Louise Millmann
Louise Millmann
Splitting her time between New York City and Bradley Beach, New Jersey, Louise Millmann is a multidisciplinary artist working in digital photography, collage, and Gelli plate printing. Her art reflects on permanence and transience, particularly through the lens of her identity as a woman navigating shifting cultural narratives since the 1960s.
Her collage practice began in 1997 on Pawley’s Island, South Carolina, where she instinctively arranged magazine clippings on an antique desk. Since then, she has developed a narrative-driven style while “borrowing” studios across the world, transforming ephemera into layered social commentary.
Louise’s work grapples with surreal political realities, addressing issues such as bodily autonomy, education, and media influence. Through self-portraiture, collage, and digital manipulation, she explores nostalgia, resistance, and mythology.
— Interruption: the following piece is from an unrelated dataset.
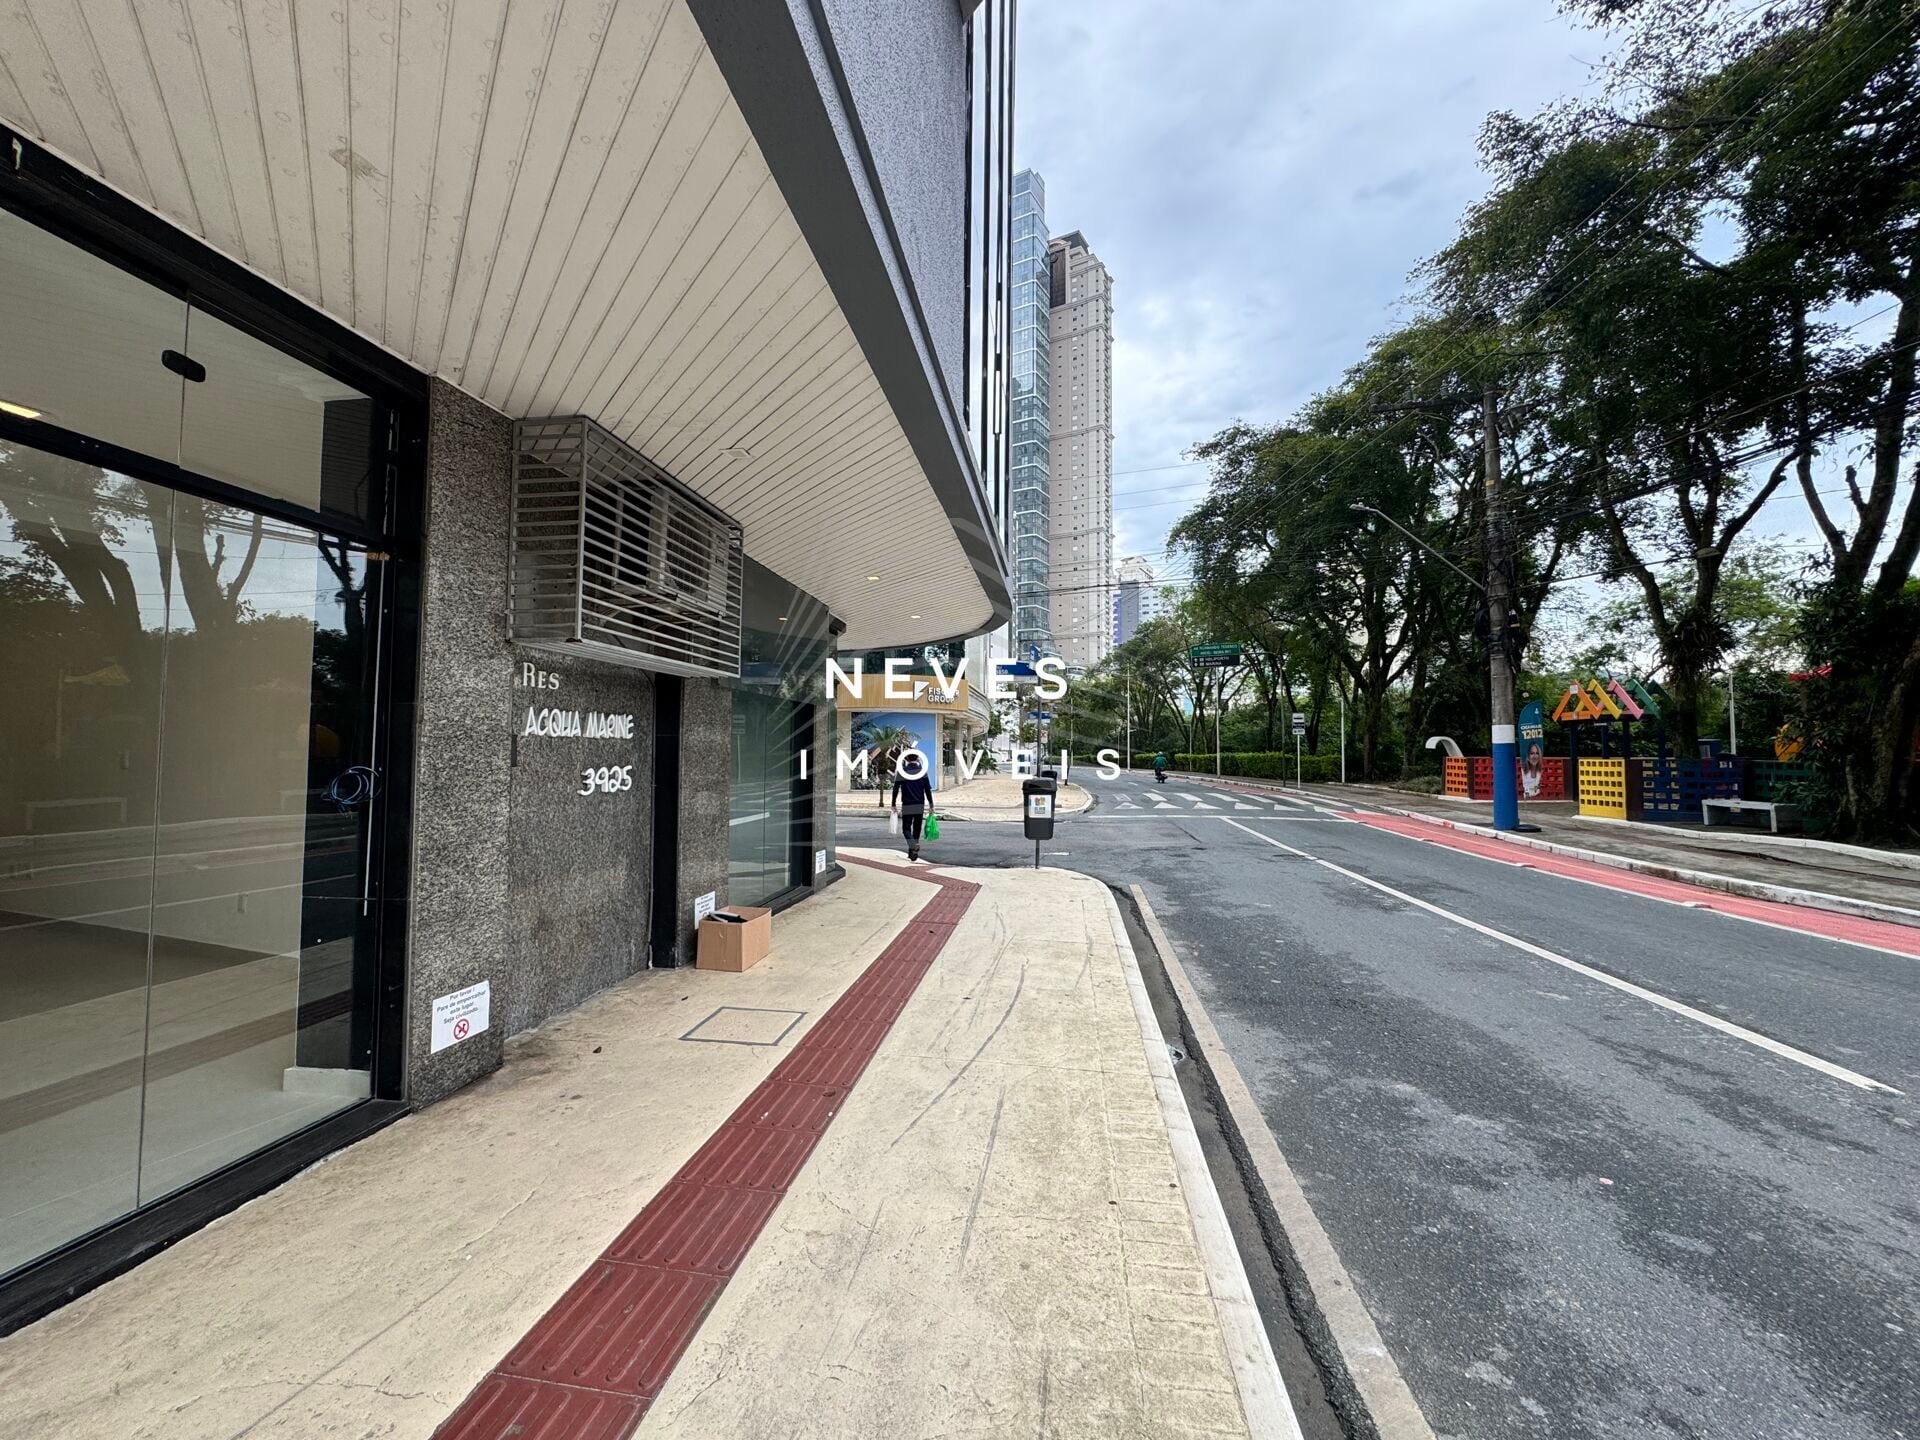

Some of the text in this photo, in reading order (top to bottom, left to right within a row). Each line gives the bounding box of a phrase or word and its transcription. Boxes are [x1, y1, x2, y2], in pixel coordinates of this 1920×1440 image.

[523, 706, 634, 739] ACQUA MARINE
[577, 765, 632, 796] 3925
Louise received a four-year photography scholarship to the School of Visual Arts in New York City, where she earned her BFA. For more than three decades, she has taught photography and experimental design at public schools and institutions including The New School, MoMA, the Guggenheim, and the Brooklyn Museum of Art.
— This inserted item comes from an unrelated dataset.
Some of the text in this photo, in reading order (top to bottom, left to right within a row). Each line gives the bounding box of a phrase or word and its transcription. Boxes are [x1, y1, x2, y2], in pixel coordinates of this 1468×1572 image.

Her self-portraits have been exhibited alongside Joseph Cornell at Zeiher-Smith Gallery and featured in the global project A Book About Death. Her work is now held in multiple permanent collections.
Inspired by light and form, Louise reflects on identity, gender, and transformation through her art.
To support herself through college, she performed as a Boy George impersonator at iconic venues including Studio 54, The Palladium, CBGB’s, and The Limelight—a theatrical history that parallels the layered self-exploration in her work.